A caution in interpreting function logos: although there is a correction for sample size (which reduces the size of the overall stack if the total number of sequences carrying a feature is small), the logo can show associations that only pertain to some, but not necessarily all, of the sequences in a functional class. So long as the absolute number of sequences carrying a structural idiosyncrasy is large enough and tends to associate with particular classes, it will be visible in the function logo. Thus, as in all methods for data exploration, an investigator using function logos should follow up interesting signals by closely examining the raw data, and—ultimately—by experiments. There are at least two examples of such idiosyncrasies in Figure 1. One example revealed an exceptional subset of tRNAs in the MSDB, known to the literature but which we had previously not been aware of. On the basis of what is known about them, their structural idiosyncrasies probably do not affect their charging identity, but likely completely disrupt their competence for translational elongation. In another example, we have found a subset of tRNAs that have recently diverged in an otherwise highly conserved tRNA structure, which appears in two bacterial lineages and is conserved in one of them. Unlike the first example, the second example appears unknown to the literature and is a candidate for a derived identity determinant.
The first example concerns gap18 and gap19 in the D-loop and G55 in the T-loop, all apparently associated with Gly identity. In fact, only five or six tRNAGly or tDNAGly (of 45) carry these characters. Five sequences, three tDNAs and two tRNA sequences, carry all three characters, and one tDNA carries only G55. These positions are highly conserved in other tRNAs which normally carry G18 pairing with pseudouridine at position 55 and G19 pairing with C56, all to stabilize the loop–loop interaction responsible for the core fold of tRNAs. The three tDNAs with all three characters come from Staphylococcus aureus which are thought, because of sequence similarities to the two tRNAs in our dataset from S.epidermis (25) and by other evidence, to be involved in peptidoglycan synthesis of the cell wall and not involved in peptide synthesis (26). These authors note the unusual G55 character but not the absence of G18 and G19 plainly visible in Figure 1. An additional tRNA in the MSDB carries G55, from Streptomyces lividans but carries the normal G18 and G19. Similar to this example is the apparent association of gap1 with E and L identity. Two of 23 tDNAGlu and two of 63 tDNALeu are the only four sequences in the whole dataset missing a base in this position in the MSDB. Although gap1 is infrequent even among the E and L classes, they are the only classes in the dataset with this property, and so they are over-represented. Thus, function logos are useful for screening structural idiosyncrasies belonging to particular classes of sequences, but caution must be taken in interpreting them.

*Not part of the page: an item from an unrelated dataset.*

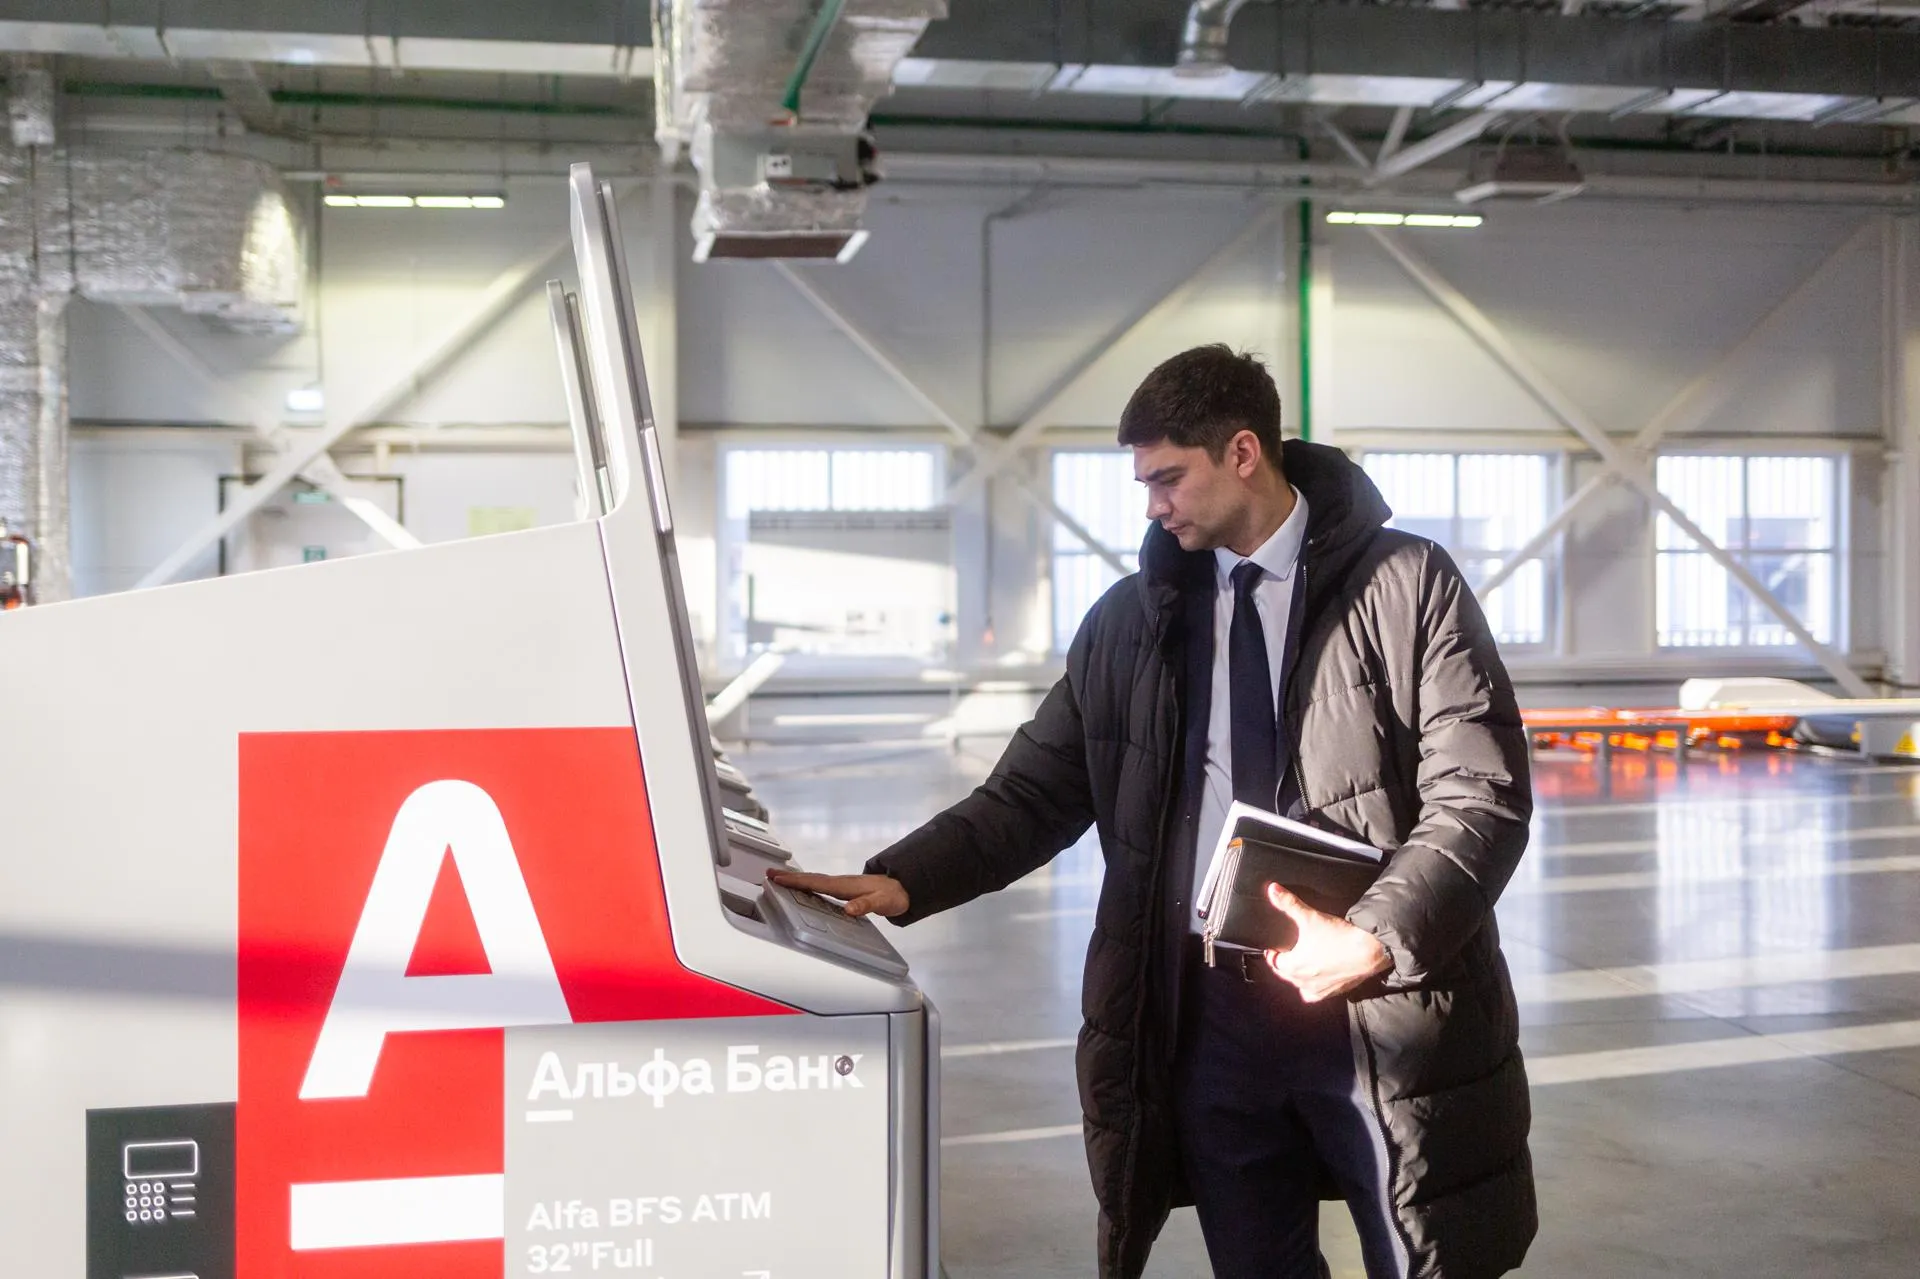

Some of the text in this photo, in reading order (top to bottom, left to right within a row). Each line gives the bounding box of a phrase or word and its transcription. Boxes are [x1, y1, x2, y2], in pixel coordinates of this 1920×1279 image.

[527, 1045, 865, 1108] Альфа Банк
[526, 1192, 771, 1231] Alfa BFS ATM

The second example again concerns only a small part of the available data but nonetheless shows that function logos can yield interesting predictions of novel candidates for derived identity determinants. This concerns the association of C14 with Trp (Figure 1). Although this association concerns only two tDNATrp from Borrelia burgdorfori (27) and Helicobacter pylori (28), their presence is highly interesting as it comes at a nearly universally conserved place in tRNAs, namely the highly conserved U8:A14 base pair that stabilizes the core tRNA structural fold. We confirmed the presence of this highly unusual C14 feature in the respective genome sequences and found it to be additionally conserved in another sequenced H.pylori strain as well as in the related ε-proteobacterial species Campylobacter jejuni. In contrast with A14, U8 is conserved in these unusual tRNAs. This unusual feature was also noticed in a manual comparative screen of genomic tDNAs (29). We suggest that this feature should be examined as a potential Trp identity determinant in these species.

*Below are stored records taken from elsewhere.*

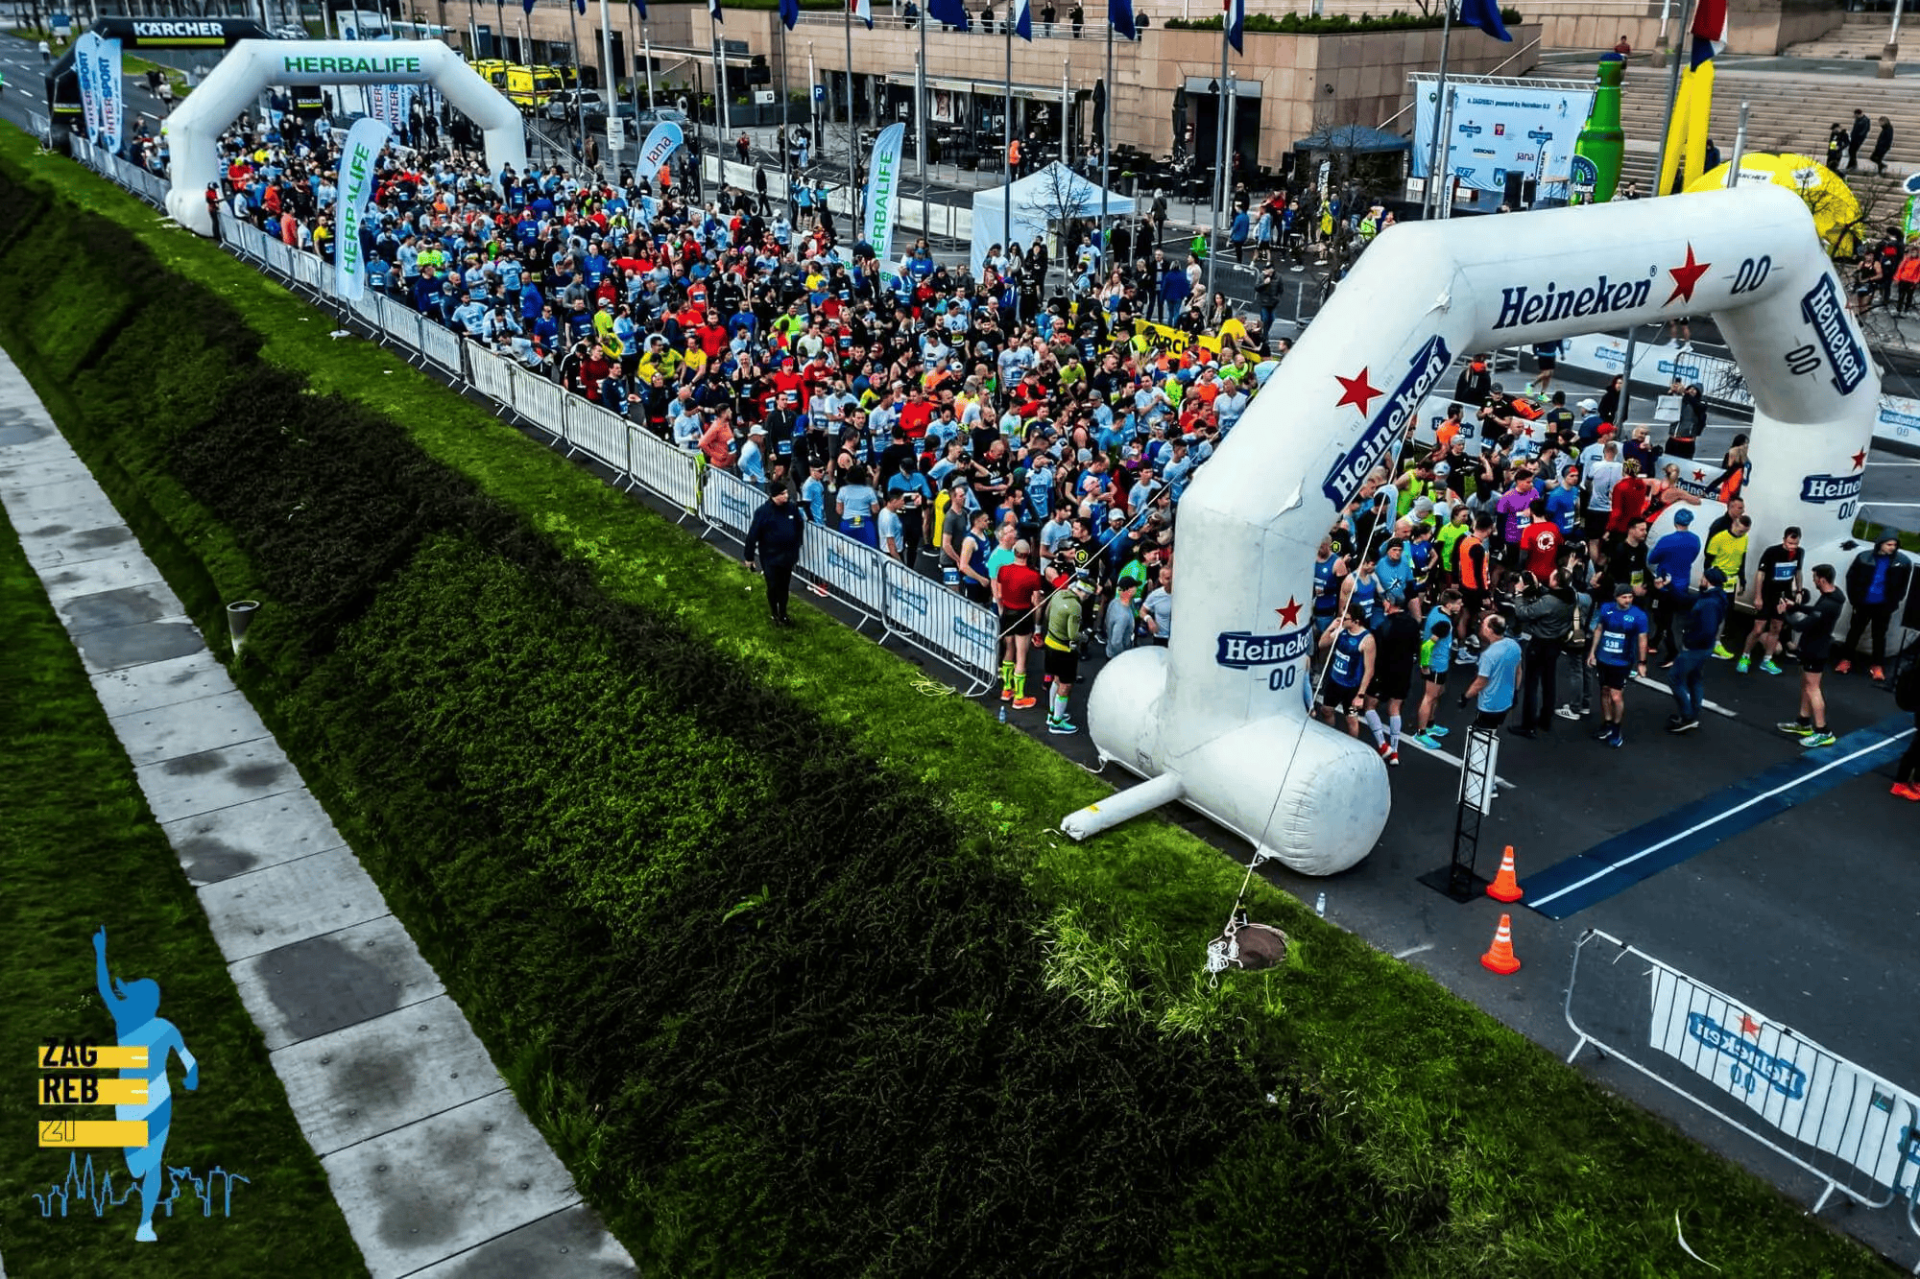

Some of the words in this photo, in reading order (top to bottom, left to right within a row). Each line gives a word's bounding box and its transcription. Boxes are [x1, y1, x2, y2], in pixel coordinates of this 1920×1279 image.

[132, 21, 223, 37] KÄRCHER
[284, 56, 420, 73] HERBALIFE
[343, 142, 370, 274] HERBALIFE
[1810, 281, 1860, 386] Heineken
[1332, 356, 1444, 502] Heineken

Structural idiosyncrasies also underlie the prominence of features associated with type II tRNAs in the D-loop (or variable pocket), such as A20a with Leu, A20b with Tyr and G20b with Ser identity. The association of A20 with Arg identity is well known (30). An important point is that the function logo method relies on a structural alignment in which structurally analogous components can reliably be assigned. With tRNAs, this begins to break down at the variable region and the so-called variable pocket that includes this part of the D-loop, and is nonetheless likely to be important in tRNA identity.
We found a discrepancy with a reported bacterial identity determinant in Serine. In E.coli, C11:G24 was reported to be an important Serine identity determinant (31) while in Figure 1 we see instead an association of C10:G25, which also associates with Tyr, Cys and Met identities. Indeed, according to Figure 1, the association with Tyr identity is slightly stronger than with Ser identity. A close inspection of the MSDB alignment confirms that C11:G24 is less conserved and less specific to Ser identity than C10:G25. Our result does not contradict that C11:G24 is a Ser identity element in E.coli, but suggests that it is not widely conserved as such.
The importance of base pairs in stems as identity elements points to both an interesting phenomenon and a limitation of the function logo. Unlike in the previous work due to McClain and co-workers, the function logo only represents base variation at the primary structural level. However, base pairs that are known to be associated with certain identity classes in E.coli, such as U1:A72 for Gln (30,32–35) or A1:U72 for Trp (36–39), are clearly visible in Figure 1. An exception is G3:U70 for Ala identity, one of the defining, most highly conserved Ala identity elements (30,40–43). Similar to G20 described above, very few features seem associated with Ala identity that are not also associated with Val identity, or other identities: take for instance A32, U70, C36 in the anticodon, and C60. However, both of these features G3 and U70 taken alone are not strongly associated with Ala identity. Unique features at the secondary structural level that are not strongly associated at the primary sequence level are not adequately seen. This explains the relatively high rate with which TFAM classifies tRNAVal as tRNAAla. That this is an isolated case in the generally high performance of TFAM suggests that the primary structural approach we have taken to the study of identity determinants is quite informative for bacterial tRNAs. Another important point is that if tRNAAla and tRNAVal share so many determinants (Figure 1) and are difficult to distinguish for an automated classifier, then it is likely that few mutations may be necessary to convert a tRNAVal to an tRNAAla. Indeed, a genomic tDNAVal from H.pylori was reported to contain G3 and T70 (29).
Inverse logos
In order to generate inverse logos we make use of a mathematical transform that manipulates frequency distributions to make frequent components rare and vice versa. We investigated two different transforms of positional frequency distributions for this purpose, the reciprocal transform and the simplex transform defined in the methods. For frequency distributions (otherwise called ‘compositions’) where all possible components are present, the reciprocal transform is identical to the ‘compositional inverse’ defined in the field of the statistical analysis of compositional data (44). We loosely call both the reciprocal and simplex transforms ‘compositional inverses’ in that they both take a composition and transform it into another composition in which rare frequencies are common and common frequencies rare. These transforms also have the following attractive properties: the application of such a transform twice yields the starting composition, and the uniform or unbiased composition, in which every component is equally frequent, is invariant under the application of such a transformation. The reciprocal transform is easy and intuitive to define but relies on pseudocounts to be well defined when compositions are missing a component. Pseudocounts distort such compositions in two ways: first, application of the reciprocal transform twice to a composition does not always give back the composition that was started with, and second, addition of pseudocounts reduces the information content of the composition, an effect that decreases in larger samples but is expected to weaken the signal in sequence or function logos. The simplex inverse solves both of these problems with the reciprocal transform. It always behaves like a true inverse and never reduces the information in the original composition, but it is more complicated to define.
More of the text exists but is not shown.